■ What the task requires:
Copy every record below exactly as written, but leave out the pictures.

■ Data for this exercise:
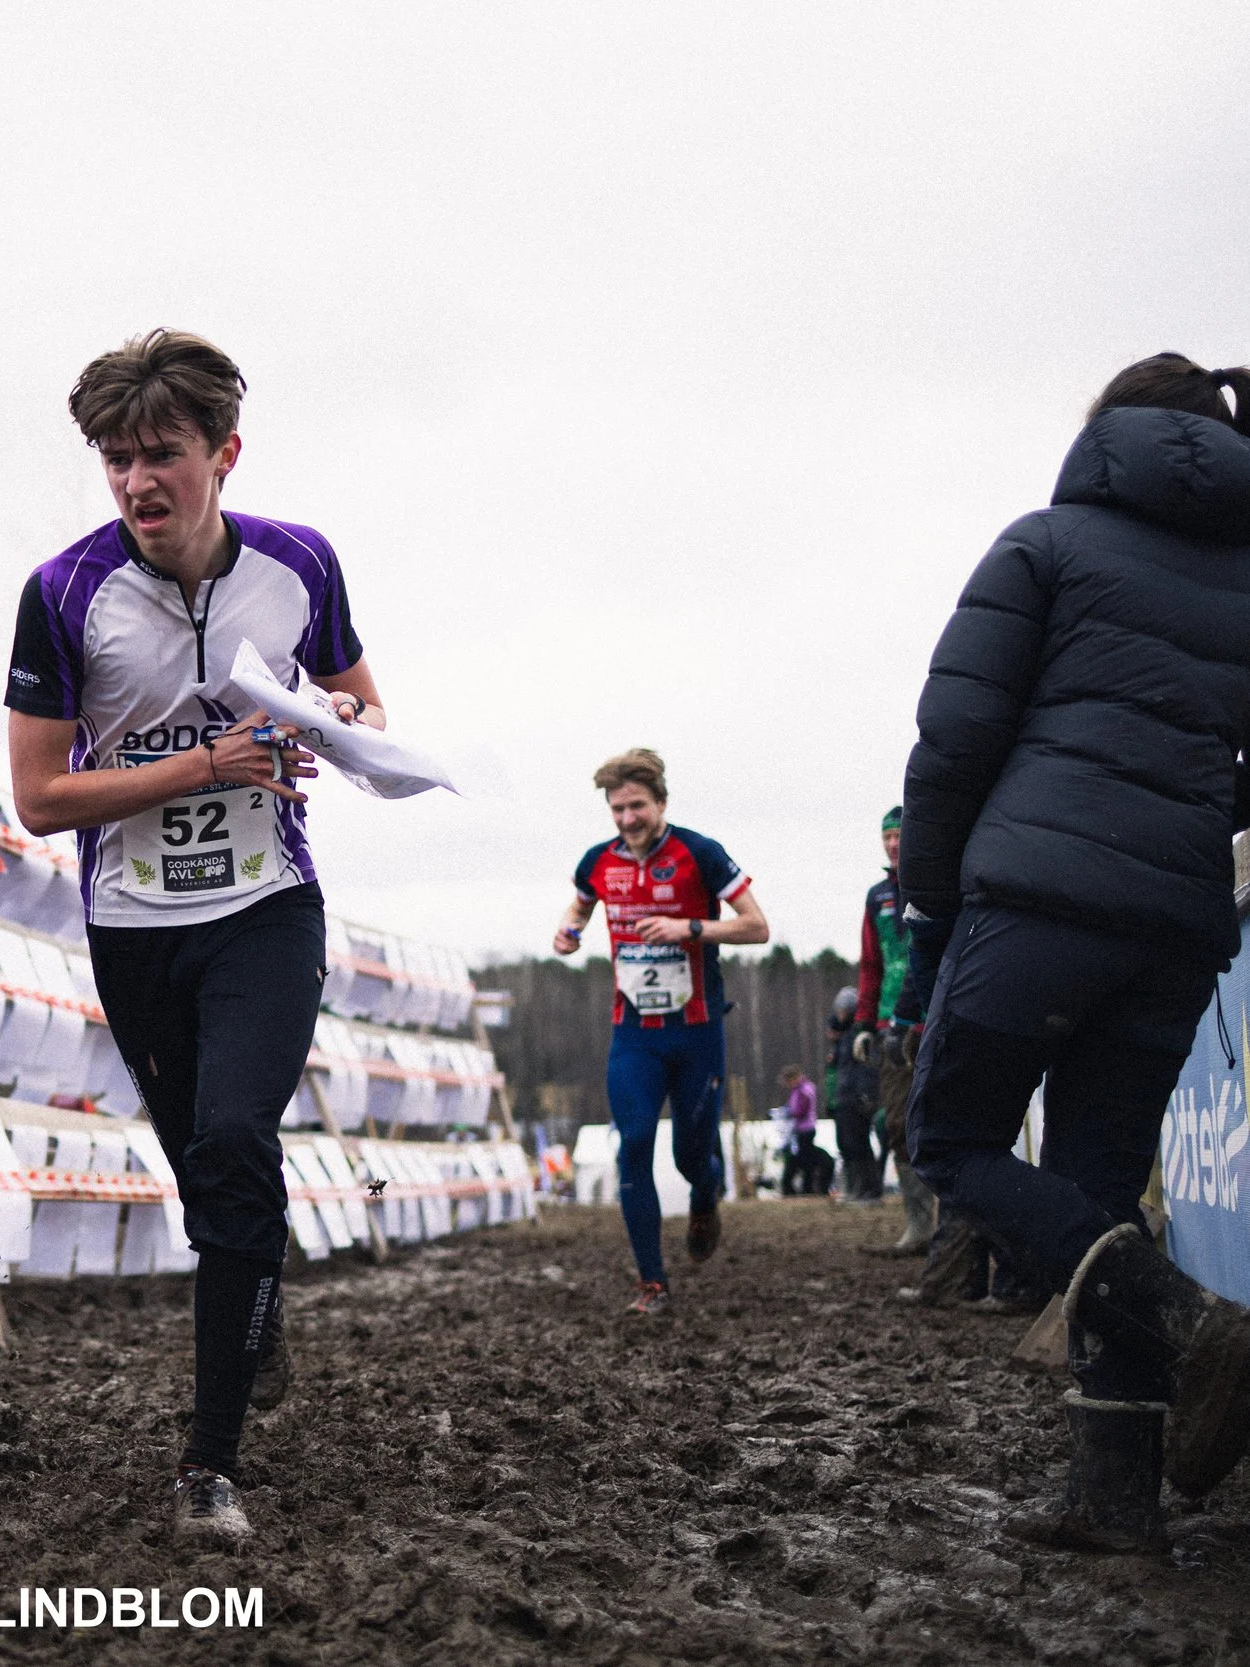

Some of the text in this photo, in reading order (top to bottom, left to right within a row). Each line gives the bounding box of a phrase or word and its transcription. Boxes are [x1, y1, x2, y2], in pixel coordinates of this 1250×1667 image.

[11, 668, 41, 684] SÖDERS
[250, 791, 264, 810] 2
[161, 801, 230, 848] 52
[167, 856, 227, 869] GODKÄNDA
[643, 968, 660, 987] 2
[244, 1277, 273, 1351] noname

■ Problem solution:
Some of the text in this photo, in reading order (top to bottom, left to right within a row). Each line gives the bounding box of a phrase or word and its transcription. Boxes are [x1, y1, x2, y2], in pixel coordinates of this 1250×1667 image.

[11, 668, 41, 684] SÖDERS
[250, 791, 264, 810] 2
[161, 801, 230, 848] 52
[167, 856, 227, 869] GODKÄNDA
[643, 968, 660, 987] 2
[244, 1277, 273, 1351] noname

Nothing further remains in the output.